Friday, January 24, 2014

Fireside Chat: Thematic Encounters

I'm in the process of gearing up for my next run. At present I have three players, two of which are veteran and one veteran role-player, who has no experience with Shadowrun. This has gotten me thinking about an are where a lot of GM's fall short. Playing the bad guys.

In other Role-Playing Games, like D&D and Pathfinder, the opposition is fairly clear. You have monsters, and they follow the usual cinematic flow of going from little, to big. Everyone knows the big bad guy at the end of the castle is the boss fight, and aside from a handful of traps, and maybe a hidden door or two, the bulk of the opposition is the monsters themselves.

Shadowrun is different.
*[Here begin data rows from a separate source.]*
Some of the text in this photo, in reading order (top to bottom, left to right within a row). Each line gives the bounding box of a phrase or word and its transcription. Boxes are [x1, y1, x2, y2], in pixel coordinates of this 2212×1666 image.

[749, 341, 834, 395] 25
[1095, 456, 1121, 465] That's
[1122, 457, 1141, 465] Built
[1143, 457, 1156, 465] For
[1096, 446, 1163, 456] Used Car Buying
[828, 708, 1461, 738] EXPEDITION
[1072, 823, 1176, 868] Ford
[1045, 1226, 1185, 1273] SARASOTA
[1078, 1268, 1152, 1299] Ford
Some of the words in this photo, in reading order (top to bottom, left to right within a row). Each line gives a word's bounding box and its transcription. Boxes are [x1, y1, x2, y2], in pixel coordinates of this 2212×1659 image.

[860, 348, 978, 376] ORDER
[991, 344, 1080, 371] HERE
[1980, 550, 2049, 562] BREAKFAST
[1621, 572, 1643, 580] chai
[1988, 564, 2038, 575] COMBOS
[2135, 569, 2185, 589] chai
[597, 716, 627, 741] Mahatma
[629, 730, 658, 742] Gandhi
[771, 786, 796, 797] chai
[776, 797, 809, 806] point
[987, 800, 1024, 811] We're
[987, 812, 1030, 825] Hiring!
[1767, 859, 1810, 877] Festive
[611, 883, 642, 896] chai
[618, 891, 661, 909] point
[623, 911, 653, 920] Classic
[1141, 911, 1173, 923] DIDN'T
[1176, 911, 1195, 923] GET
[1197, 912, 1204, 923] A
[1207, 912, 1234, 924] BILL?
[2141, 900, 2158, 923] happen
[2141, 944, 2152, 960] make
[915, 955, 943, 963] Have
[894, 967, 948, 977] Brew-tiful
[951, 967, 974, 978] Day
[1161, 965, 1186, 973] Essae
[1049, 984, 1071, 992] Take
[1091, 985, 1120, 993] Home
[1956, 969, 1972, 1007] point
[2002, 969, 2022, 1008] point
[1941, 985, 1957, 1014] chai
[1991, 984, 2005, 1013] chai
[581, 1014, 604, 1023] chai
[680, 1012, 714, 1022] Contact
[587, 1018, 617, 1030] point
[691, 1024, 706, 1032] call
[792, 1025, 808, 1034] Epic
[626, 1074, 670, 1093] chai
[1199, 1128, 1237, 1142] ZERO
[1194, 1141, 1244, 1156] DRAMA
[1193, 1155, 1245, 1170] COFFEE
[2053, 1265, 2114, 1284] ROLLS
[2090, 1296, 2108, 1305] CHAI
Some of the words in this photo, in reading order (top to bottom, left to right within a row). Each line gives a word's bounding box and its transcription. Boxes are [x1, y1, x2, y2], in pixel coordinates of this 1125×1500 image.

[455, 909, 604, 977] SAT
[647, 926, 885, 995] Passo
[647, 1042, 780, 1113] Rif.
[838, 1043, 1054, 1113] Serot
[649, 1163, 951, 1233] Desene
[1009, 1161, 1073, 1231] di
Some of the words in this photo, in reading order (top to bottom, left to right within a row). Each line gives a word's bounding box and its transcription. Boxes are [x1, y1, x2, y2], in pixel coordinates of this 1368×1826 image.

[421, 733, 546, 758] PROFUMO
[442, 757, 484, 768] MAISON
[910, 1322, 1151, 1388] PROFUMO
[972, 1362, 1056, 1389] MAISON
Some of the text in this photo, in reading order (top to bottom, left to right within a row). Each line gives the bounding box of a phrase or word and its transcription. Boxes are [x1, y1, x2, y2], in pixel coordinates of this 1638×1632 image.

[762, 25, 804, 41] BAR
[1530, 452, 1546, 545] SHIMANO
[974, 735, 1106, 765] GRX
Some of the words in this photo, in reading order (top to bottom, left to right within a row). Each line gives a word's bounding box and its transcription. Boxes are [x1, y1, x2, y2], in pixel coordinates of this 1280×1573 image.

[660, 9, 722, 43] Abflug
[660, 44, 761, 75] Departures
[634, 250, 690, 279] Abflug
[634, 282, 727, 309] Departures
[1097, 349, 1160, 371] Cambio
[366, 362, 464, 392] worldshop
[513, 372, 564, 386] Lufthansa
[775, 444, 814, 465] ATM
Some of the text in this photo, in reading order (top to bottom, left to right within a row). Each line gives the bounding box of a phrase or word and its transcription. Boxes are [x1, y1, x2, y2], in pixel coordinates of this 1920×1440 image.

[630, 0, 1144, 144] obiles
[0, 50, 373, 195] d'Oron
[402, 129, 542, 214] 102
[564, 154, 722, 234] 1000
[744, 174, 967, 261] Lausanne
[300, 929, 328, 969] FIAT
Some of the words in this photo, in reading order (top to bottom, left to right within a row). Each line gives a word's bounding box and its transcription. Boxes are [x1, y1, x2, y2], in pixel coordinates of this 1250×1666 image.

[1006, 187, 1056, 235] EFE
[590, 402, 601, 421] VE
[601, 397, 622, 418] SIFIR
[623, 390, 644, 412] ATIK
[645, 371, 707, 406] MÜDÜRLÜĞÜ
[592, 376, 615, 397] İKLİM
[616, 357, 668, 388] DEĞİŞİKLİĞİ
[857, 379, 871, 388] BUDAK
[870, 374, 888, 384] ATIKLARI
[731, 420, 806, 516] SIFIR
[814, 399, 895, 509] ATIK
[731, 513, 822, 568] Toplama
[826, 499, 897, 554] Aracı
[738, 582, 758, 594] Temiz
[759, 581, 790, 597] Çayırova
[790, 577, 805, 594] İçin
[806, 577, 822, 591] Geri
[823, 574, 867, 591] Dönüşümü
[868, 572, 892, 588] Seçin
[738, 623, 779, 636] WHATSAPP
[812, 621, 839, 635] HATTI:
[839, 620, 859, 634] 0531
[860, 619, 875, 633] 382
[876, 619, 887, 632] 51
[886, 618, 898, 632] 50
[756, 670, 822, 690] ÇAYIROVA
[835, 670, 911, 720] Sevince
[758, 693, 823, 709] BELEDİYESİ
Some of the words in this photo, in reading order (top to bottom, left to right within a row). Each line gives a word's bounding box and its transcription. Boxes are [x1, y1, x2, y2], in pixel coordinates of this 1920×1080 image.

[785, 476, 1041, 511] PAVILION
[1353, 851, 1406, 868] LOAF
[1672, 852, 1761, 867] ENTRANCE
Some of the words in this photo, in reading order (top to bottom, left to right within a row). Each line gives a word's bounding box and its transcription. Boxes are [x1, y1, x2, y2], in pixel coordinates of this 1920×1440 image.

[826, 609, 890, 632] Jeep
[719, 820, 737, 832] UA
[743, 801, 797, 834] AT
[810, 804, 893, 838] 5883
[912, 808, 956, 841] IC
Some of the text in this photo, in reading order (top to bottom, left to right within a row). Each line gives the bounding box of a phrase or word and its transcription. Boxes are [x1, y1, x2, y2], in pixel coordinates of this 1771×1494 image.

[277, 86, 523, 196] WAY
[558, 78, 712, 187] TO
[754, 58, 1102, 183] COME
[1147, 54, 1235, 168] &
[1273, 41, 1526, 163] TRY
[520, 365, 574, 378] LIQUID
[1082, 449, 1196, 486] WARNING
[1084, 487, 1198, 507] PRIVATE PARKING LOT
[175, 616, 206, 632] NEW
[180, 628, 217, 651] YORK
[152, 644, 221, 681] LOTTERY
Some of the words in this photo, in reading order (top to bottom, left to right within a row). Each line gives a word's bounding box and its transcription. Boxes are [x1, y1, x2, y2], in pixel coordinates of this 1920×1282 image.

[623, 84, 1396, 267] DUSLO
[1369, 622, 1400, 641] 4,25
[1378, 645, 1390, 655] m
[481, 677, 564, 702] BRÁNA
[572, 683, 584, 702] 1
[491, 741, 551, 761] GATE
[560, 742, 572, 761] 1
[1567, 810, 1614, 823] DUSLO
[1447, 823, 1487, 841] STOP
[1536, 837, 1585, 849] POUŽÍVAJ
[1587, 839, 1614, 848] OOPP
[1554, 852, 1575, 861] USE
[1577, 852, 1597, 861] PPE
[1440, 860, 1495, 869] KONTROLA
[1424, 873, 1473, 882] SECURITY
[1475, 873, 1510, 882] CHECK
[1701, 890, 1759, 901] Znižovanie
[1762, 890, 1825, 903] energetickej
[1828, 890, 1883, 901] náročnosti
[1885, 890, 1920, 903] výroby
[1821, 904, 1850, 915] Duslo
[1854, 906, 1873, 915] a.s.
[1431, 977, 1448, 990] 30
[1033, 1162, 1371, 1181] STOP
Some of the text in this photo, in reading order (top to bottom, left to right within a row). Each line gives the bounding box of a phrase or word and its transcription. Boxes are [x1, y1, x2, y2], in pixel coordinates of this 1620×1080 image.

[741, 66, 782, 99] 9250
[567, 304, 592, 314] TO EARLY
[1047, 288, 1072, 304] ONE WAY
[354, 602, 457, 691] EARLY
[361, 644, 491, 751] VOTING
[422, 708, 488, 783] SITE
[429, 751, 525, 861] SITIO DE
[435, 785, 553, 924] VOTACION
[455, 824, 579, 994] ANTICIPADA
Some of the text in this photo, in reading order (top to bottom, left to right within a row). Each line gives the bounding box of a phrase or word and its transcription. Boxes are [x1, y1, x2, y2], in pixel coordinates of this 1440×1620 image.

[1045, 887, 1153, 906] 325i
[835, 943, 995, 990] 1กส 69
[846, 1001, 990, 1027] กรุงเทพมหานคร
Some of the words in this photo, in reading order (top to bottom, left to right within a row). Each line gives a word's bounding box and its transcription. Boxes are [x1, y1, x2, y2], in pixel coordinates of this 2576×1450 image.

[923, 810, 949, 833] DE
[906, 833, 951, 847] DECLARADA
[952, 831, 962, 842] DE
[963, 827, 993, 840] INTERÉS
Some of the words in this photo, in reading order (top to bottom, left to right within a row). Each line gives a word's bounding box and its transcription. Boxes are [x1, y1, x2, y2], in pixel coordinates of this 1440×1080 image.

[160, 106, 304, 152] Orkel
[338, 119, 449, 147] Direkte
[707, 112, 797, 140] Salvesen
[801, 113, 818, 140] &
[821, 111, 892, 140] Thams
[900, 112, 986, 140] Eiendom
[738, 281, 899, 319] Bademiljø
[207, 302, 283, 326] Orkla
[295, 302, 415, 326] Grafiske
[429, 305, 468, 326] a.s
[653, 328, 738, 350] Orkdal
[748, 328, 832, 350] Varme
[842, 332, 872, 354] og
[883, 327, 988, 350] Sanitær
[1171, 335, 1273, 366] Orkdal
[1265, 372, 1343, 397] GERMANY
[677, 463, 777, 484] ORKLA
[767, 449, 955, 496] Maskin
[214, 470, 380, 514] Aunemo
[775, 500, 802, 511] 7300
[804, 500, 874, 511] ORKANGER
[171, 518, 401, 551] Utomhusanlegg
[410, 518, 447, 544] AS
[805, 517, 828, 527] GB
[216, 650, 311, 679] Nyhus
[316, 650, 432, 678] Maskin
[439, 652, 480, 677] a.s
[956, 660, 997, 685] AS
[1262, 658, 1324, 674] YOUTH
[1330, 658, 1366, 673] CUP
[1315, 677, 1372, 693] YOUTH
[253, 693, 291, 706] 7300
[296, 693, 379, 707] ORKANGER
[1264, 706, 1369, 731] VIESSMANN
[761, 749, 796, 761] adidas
Both in the scope of the potential opposition, and the wide range of the severity of the opposition. This mean that you have to think about Shadowrun opposition in a completely different way. So, instead of viewing security as a challenge to be overcome our players let's look at security as a narrative device.

When we approach the idea of opposition in Shadowrun I divide encounters into two rough groups, the first being combative encounters, the second being thematic encounters. While most of your time will be spent planning the combative encounters, it's the thematic encounters that occur most often.

What do I mean by a thematic encounter? This is a tough one, as it's not a hard and fast rule. However, when you design an NPC, that you don't think is going to result in combat, that's a thematic encounter. Of course, sometimes, your thematic encounters turn into combative encounters. Every run has at least one thematic encounter. Most GM's call it meeting Mr. Johnson. However, I like to have a number of other thematic encounters. Think about every person you encounter in your day to day life. The barista that makes your coffee, the ticket taker for the subway, or the cabbie that gets you to work, the doorman for your apartment, and the homeless man on the street corner, All of these people have the possibility of being thematic encounters. While these encounters might seem trivial, but a good GM knows that their players live in an area, and that area is populated by other people. Those people can become regular sights, contacts, enemies, or friends. Over time, the group can come to expect these people in their day to day adventures.

I base my games in Seattle, and love to have my players live, and run out of a specific neighborhood. Areas of Seattle, like Tacoma, or Freemont, or Capitol Hill, make for amazing backdrops for Shadowrun. These areas, and the people that populate them humanize the game. It's one of the reasons I love playing Shadowrun over any other role-playing game. I love the people, the city, and the thematic elements that as a GM you can weave into the story. This is one of the reasons I always keep a folio of the people, the NPC's and the locations in my games. Over time, even across story arcs and characters the players in my groups develop an attachment to the areas and the people in the game.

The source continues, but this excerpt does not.